Stephanie Taylor is a visual storyteller and environmental writer merging large-scale art installations with history-focused art, essays, and photography, exploring the meaning of location and what’s under the surface of things. 2024 Focus: Creative non-fiction documentarian of the American West—a chronicle of agricultural adaptation, water management, and resilience.
Multi Media Artist: Decades of collaborations with architects and designers on site-specific installations: paintings, murals, sculpture, mixed media—cement to fabric to steel. Research-driven approach exploring history and ‘sense of place.’ Major hospitality projects include Disney flagships, Hilton, Hyatt properties across US and Paris.
Writer: Freelance essayist and Op-Ed contributor, Sacramento Bee (2011-19, 2024)—’California Sketches’ series blending art and non-fiction. Co-author: ‘Water: More or Less’—anthology examining California water through politics, history, essay, and art. ‘Simple Objects’—documenting artifacts from Paradise’s Camp Fire (2019), exploring loss and memory. ‘Frankenstein: A Graphic Interpretation’–a collaboration with the Sacramento Public Library in celebration of the 200th anniversary of its publication. Substack: “How to be an Artist,”

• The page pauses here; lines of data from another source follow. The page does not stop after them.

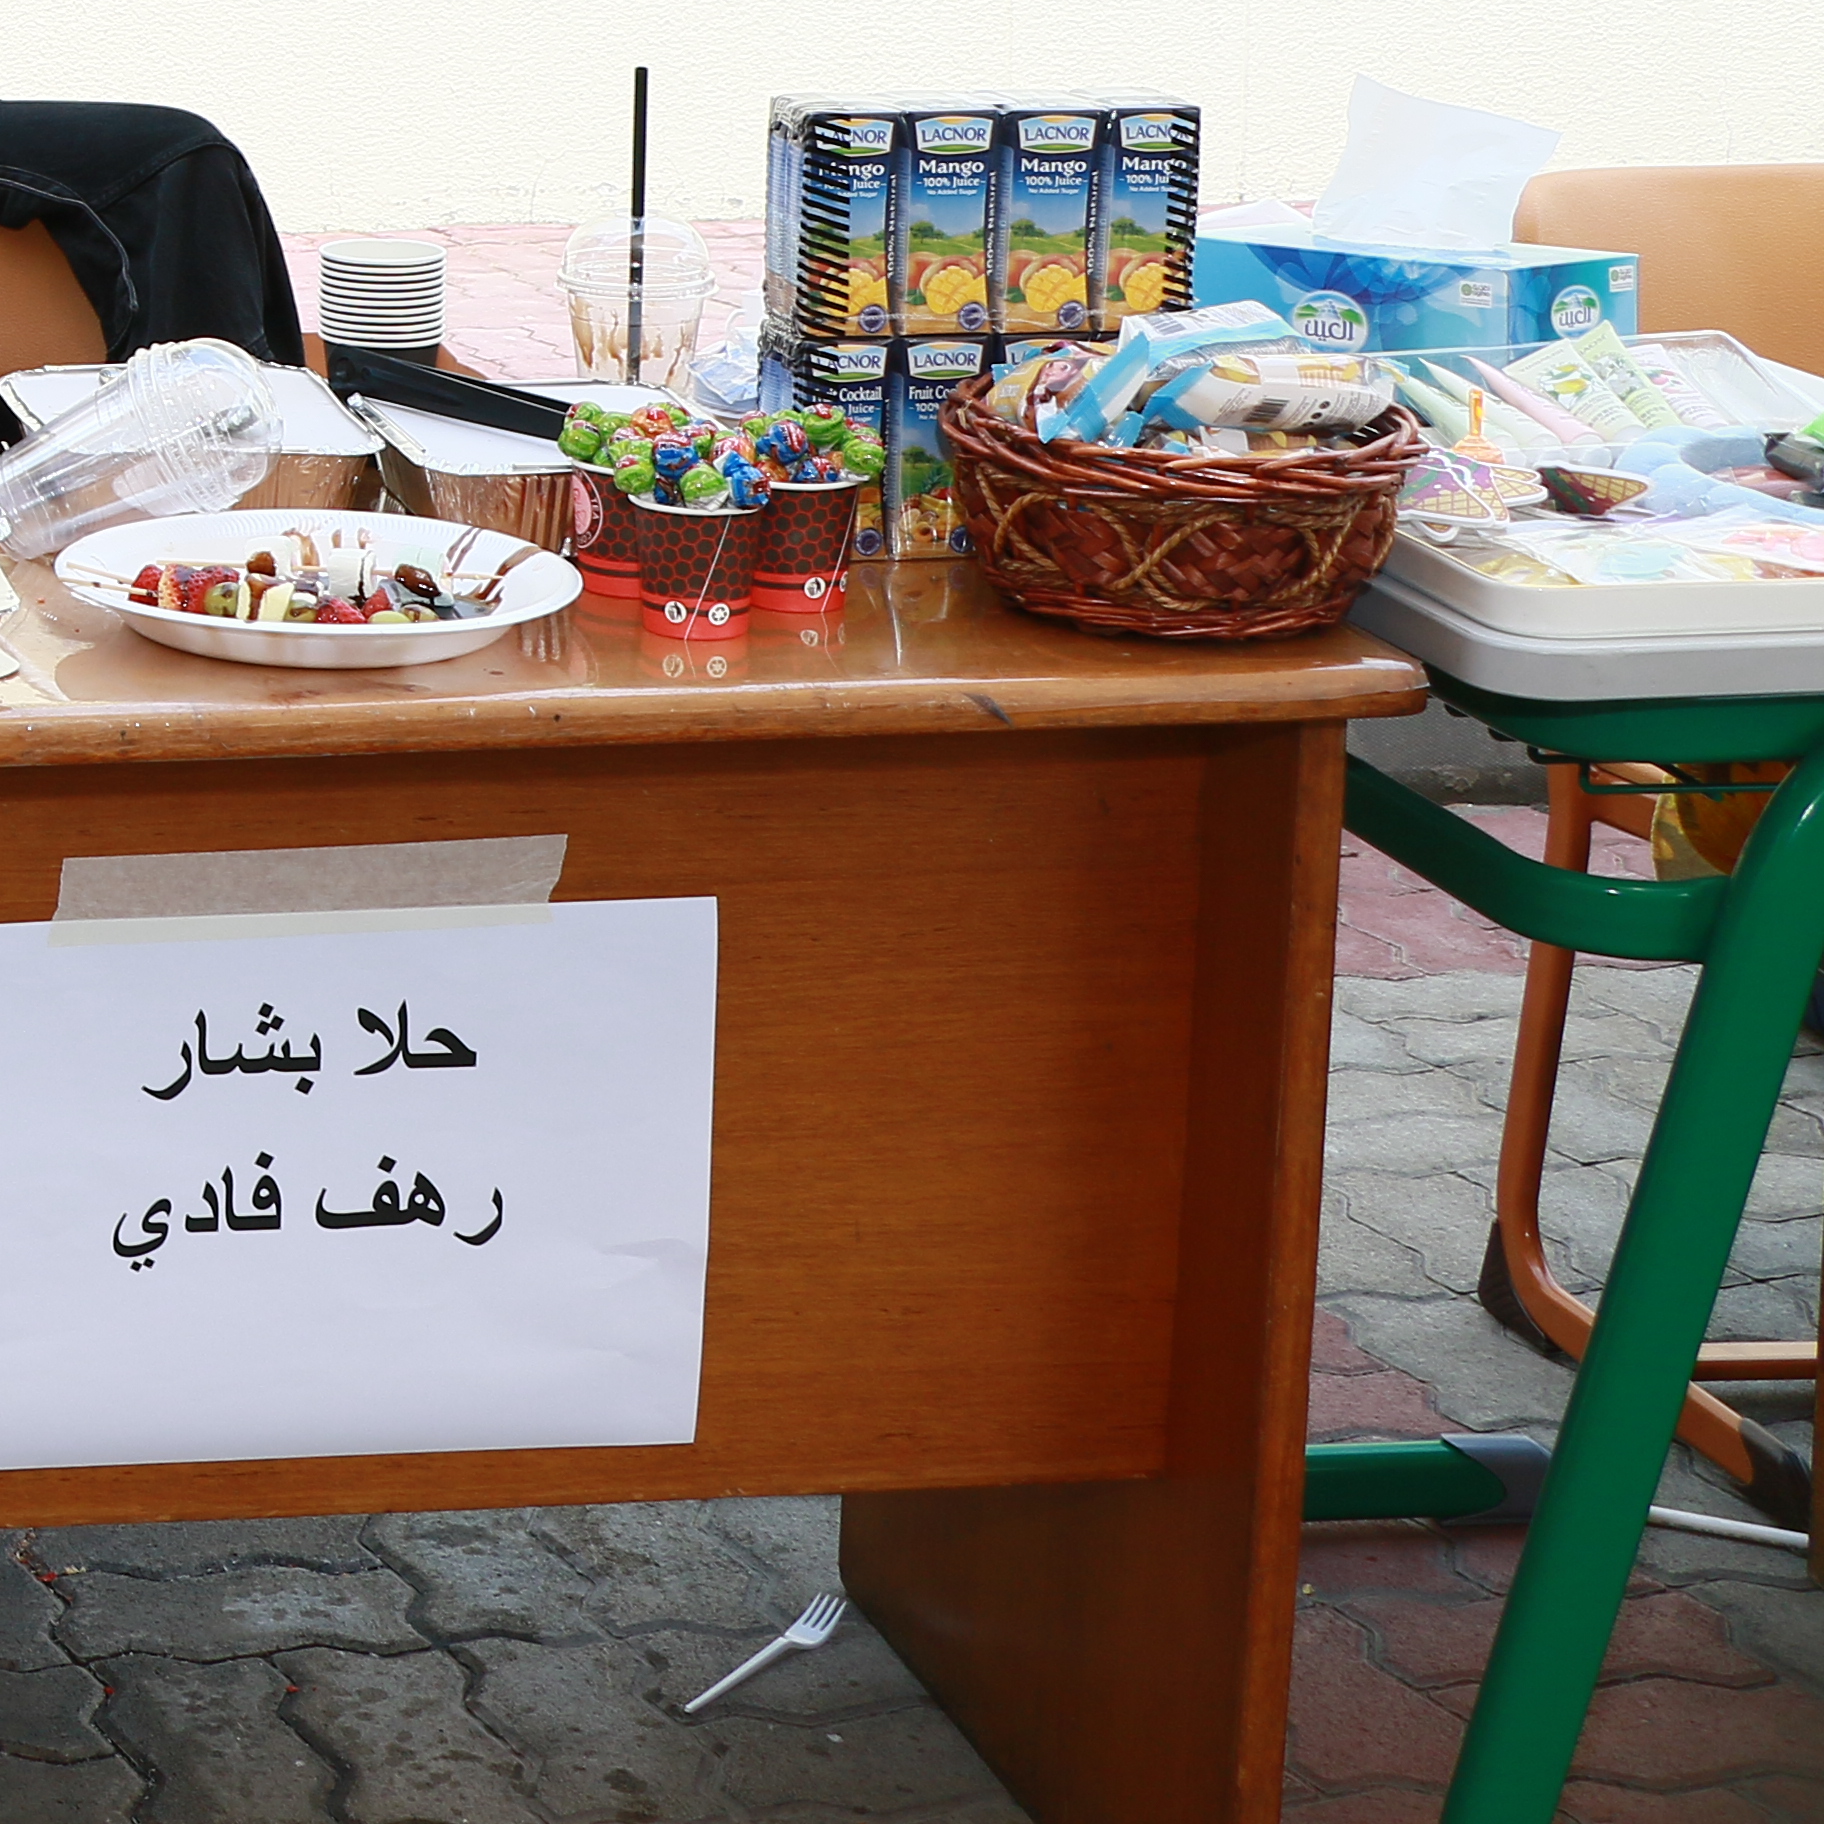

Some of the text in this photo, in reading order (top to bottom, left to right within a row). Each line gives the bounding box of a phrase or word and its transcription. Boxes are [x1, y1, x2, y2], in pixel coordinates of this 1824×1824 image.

[922, 127, 987, 143] LACNOR
[1024, 126, 1091, 142] LACNOR
[919, 159, 984, 179] Mango
[1021, 158, 1087, 177] Mango
[1304, 319, 1354, 342] العين
[914, 353, 977, 368] LACNOR
[839, 386, 883, 401] Cocktail
[908, 385, 934, 399] Fruit
[141, 998, 477, 1101] حلا بشار
[112, 1150, 503, 1272] رهف فادي
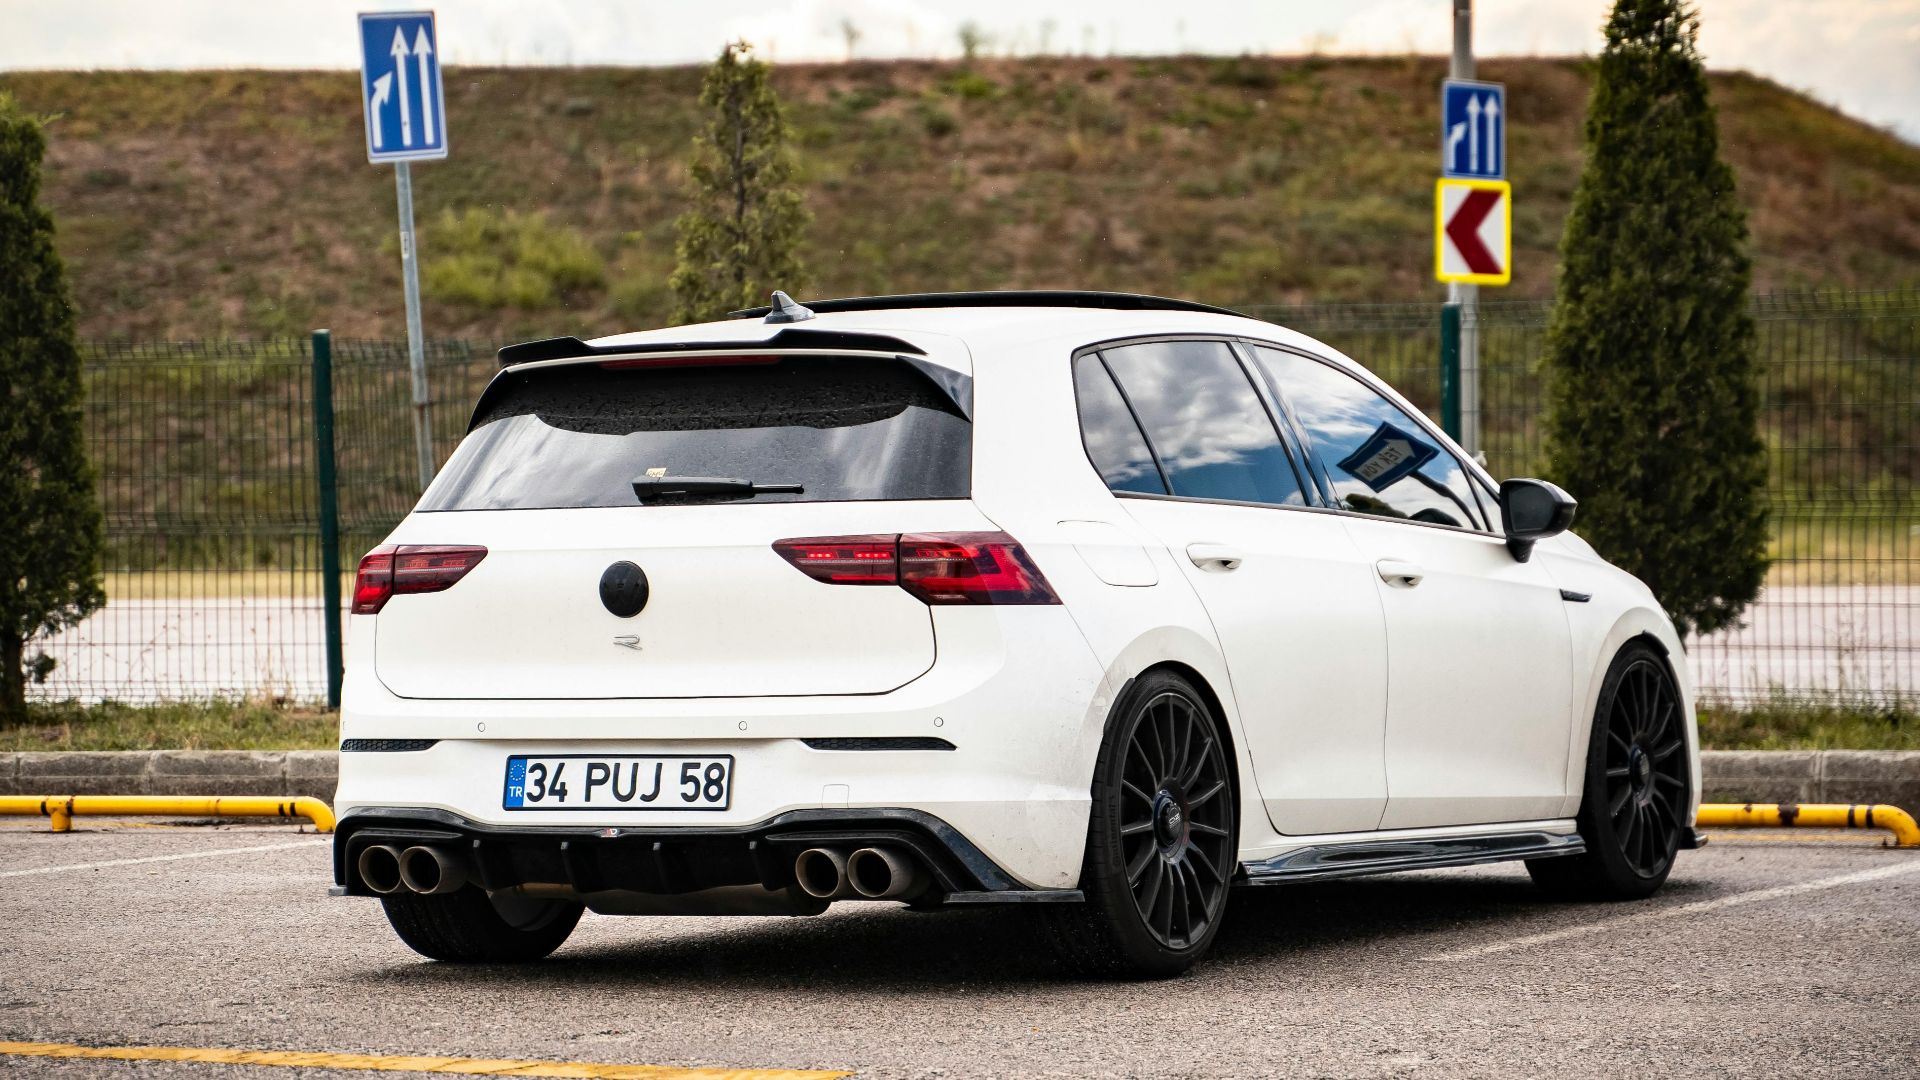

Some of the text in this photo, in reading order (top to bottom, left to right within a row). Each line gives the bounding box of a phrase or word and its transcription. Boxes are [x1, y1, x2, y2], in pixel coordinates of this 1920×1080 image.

“Stephanie Taylor is a true “Renaissance” woman. She is, without doubt, the most creative and versatile person I have ever met. I make this statement based on my forty-year career working in rare book and history libraries. Stephanie combines a keen sense of place with an equally keen sense of history. The murals that she has created that adorn scores of public buildings across the country are not only of striking artistic merit but also incorporate easily recognizable historical and contemporary themes that appeal to a general audience.” Gary Kurutz, Curator Emeritus, California State Library Collections
Photography. A new portfolio section of images is coming soon. Writing about the California environment, from Shasta to the Mexican border, from the sea to the Sierra, Taylor has documented issues from farming to water management. Her interest in water began in Norway in 2000 with a visit to the glacier nearest the birthplace of her maternal grandmother. She also traveled to the Galapagos.
The images are collected in six main categories. Moving Systems: completely engineered by humans, Growing Systems: collaborations between humans and nature, and Natural Systems: minimal human intervention. Plus Architecture, Water, and Humans.